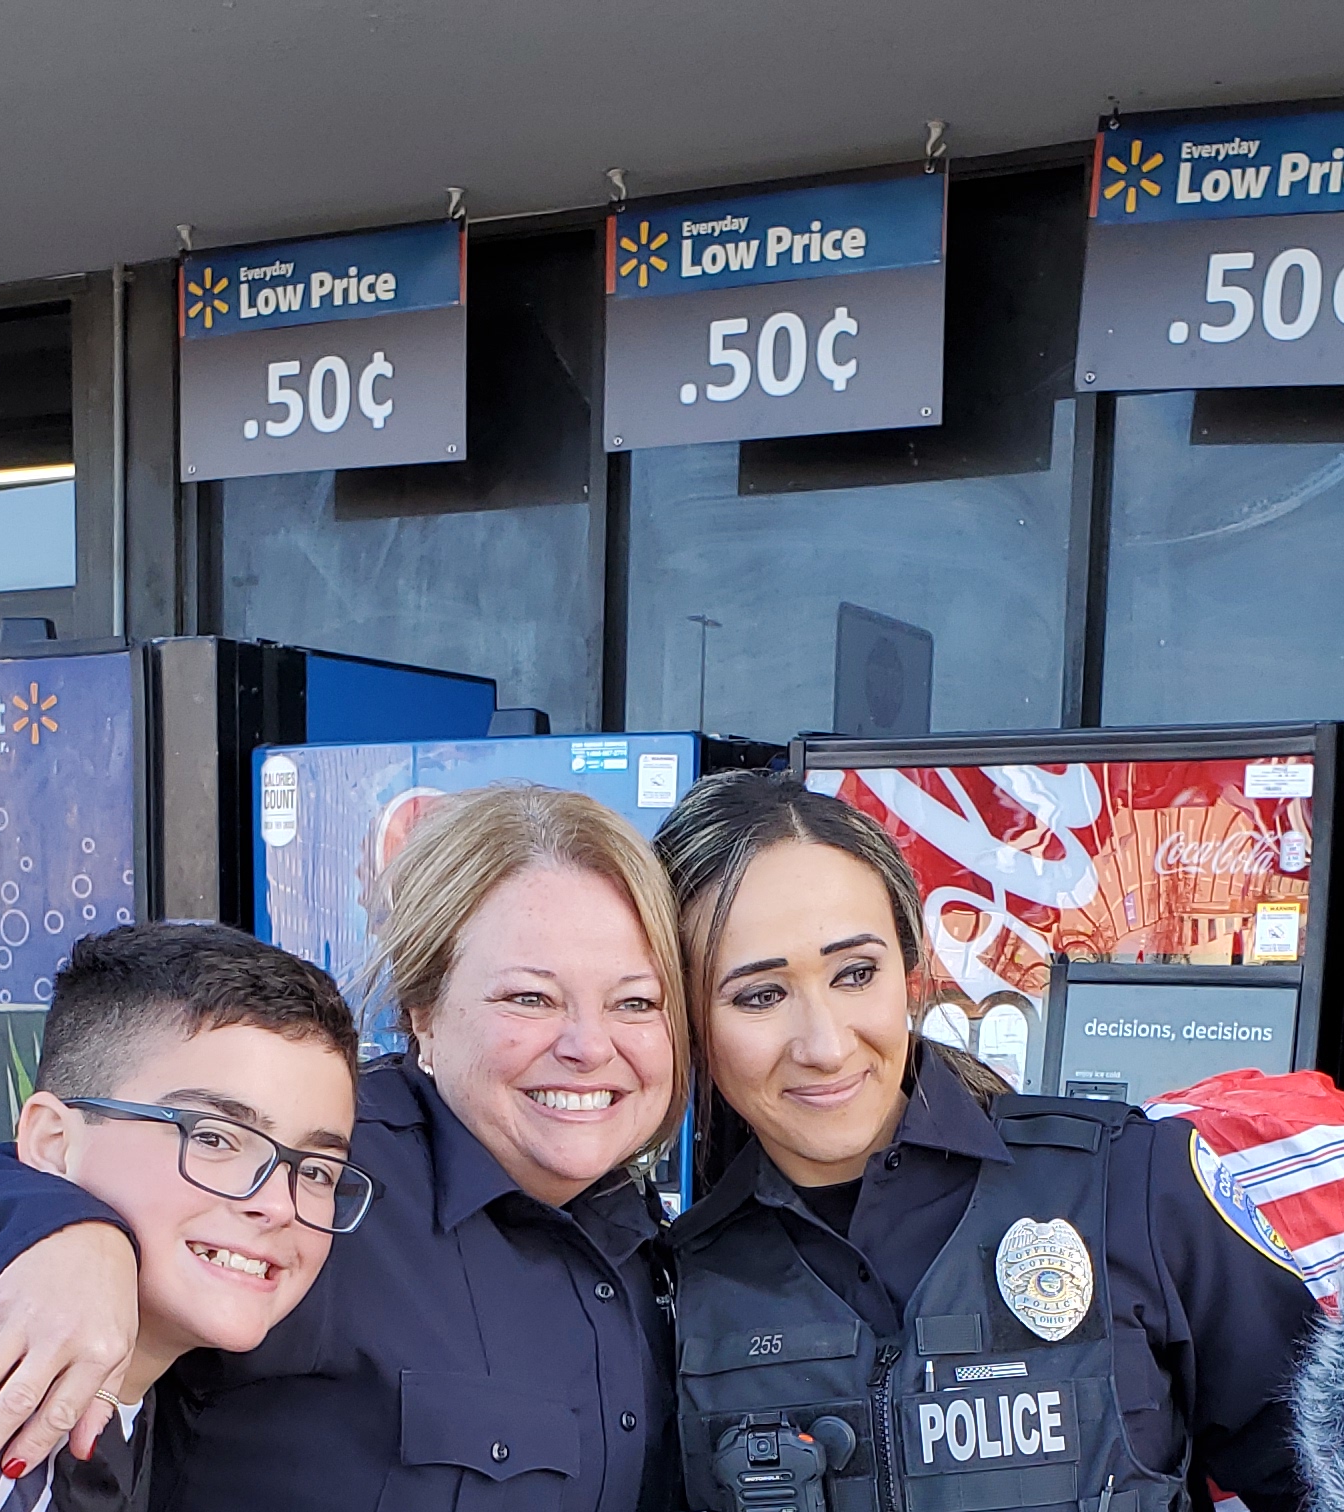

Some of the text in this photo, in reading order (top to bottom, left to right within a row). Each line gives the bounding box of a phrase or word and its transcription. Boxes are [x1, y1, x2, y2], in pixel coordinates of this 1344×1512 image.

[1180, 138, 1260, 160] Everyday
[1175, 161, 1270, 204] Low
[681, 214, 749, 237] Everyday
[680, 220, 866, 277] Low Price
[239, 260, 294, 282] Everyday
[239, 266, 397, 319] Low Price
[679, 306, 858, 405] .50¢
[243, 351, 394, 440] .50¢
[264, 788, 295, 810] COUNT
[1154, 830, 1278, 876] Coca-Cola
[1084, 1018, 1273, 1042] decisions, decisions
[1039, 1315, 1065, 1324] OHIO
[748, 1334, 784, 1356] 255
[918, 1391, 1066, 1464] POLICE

(YOUR INSTRUCTIONS): Images are to be left out; everything else in the material must be written out exactly.

(REPLY):
Some of the text in this photo, in reading order (top to bottom, left to right within a row). Each line gives the bounding box of a phrase or word and its transcription. Boxes are [x1, y1, x2, y2], in pixel coordinates of this 1344×1512 image.

[1180, 138, 1260, 160] Everyday
[1175, 161, 1270, 204] Low
[681, 214, 749, 237] Everyday
[680, 220, 866, 277] Low Price
[239, 260, 294, 282] Everyday
[239, 266, 397, 319] Low Price
[679, 306, 858, 405] .50¢
[243, 351, 394, 440] .50¢
[264, 788, 295, 810] COUNT
[1154, 830, 1278, 876] Coca-Cola
[1084, 1018, 1273, 1042] decisions, decisions
[1039, 1315, 1065, 1324] OHIO
[748, 1334, 784, 1356] 255
[918, 1391, 1066, 1464] POLICE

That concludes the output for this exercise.